(Available data begins)

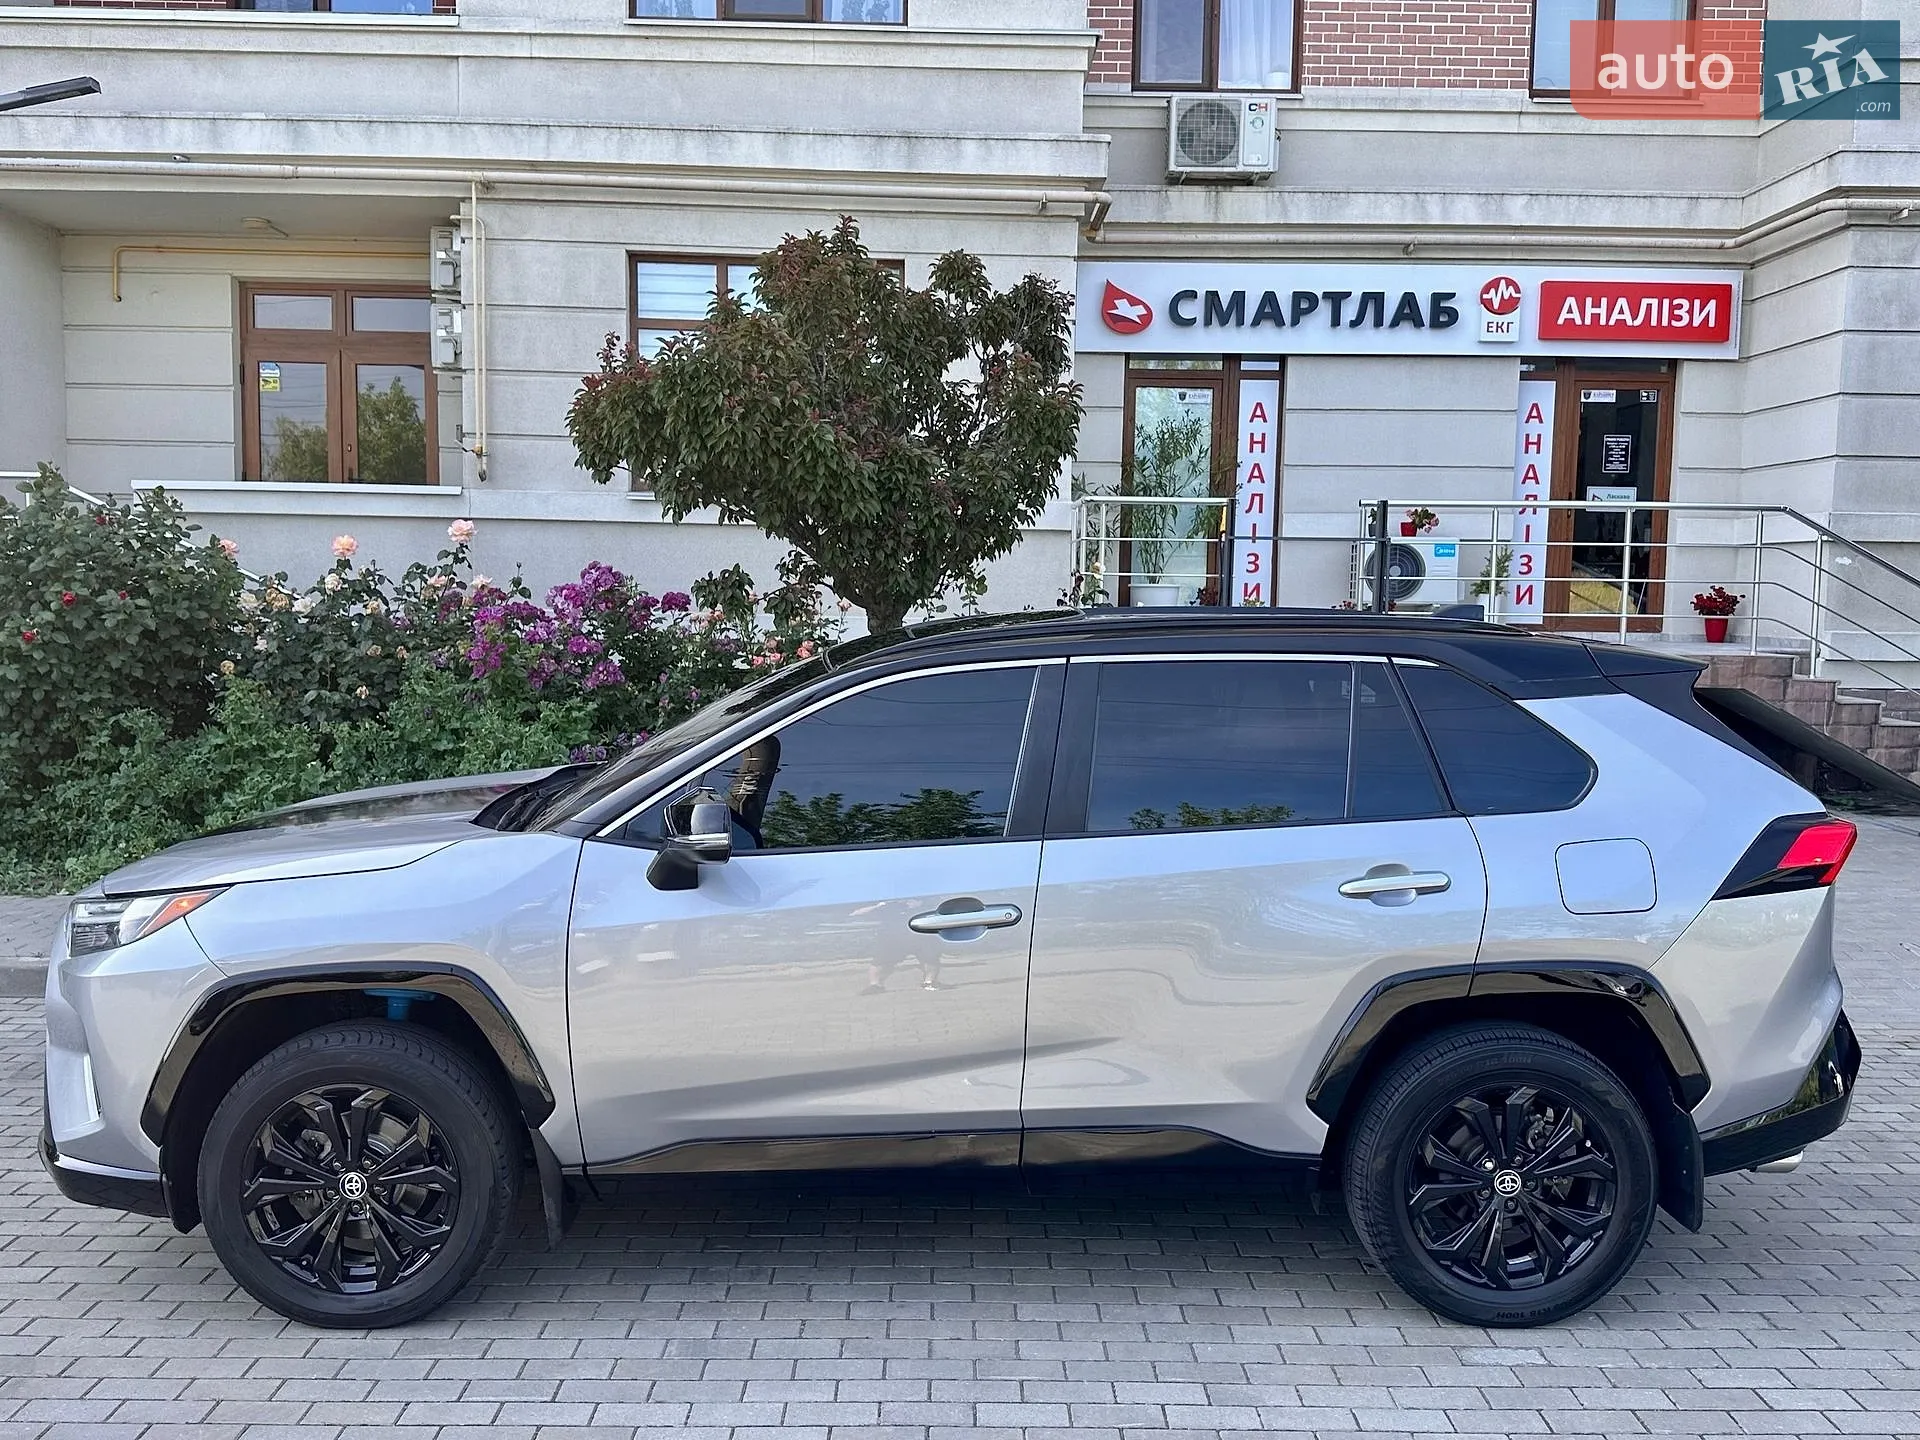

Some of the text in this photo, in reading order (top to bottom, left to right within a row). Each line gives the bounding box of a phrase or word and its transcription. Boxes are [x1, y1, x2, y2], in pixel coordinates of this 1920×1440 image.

[1248, 103, 1268, 112] CH
[1168, 289, 1460, 329] СМАРТЛАБ
[1556, 296, 1717, 328] АНАЛІЗИ
[1486, 321, 1514, 334] ЕКГ
[1242, 402, 1268, 603] АНАЛІЗИ
[1515, 402, 1544, 605] АНАЛІЗИ

(Available data ends)

**What you need to do:** Copy out all the data above exactly, pictures excluded.

**Answer space:**
Some of the text in this photo, in reading order (top to bottom, left to right within a row). Each line gives the bounding box of a phrase or word and its transcription. Boxes are [x1, y1, x2, y2], in pixel coordinates of this 1920×1440 image.

[1248, 103, 1268, 112] CH
[1168, 289, 1460, 329] СМАРТЛАБ
[1556, 296, 1717, 328] АНАЛІЗИ
[1486, 321, 1514, 334] ЕКГ
[1242, 402, 1268, 603] АНАЛІЗИ
[1515, 402, 1544, 605] АНАЛІЗИ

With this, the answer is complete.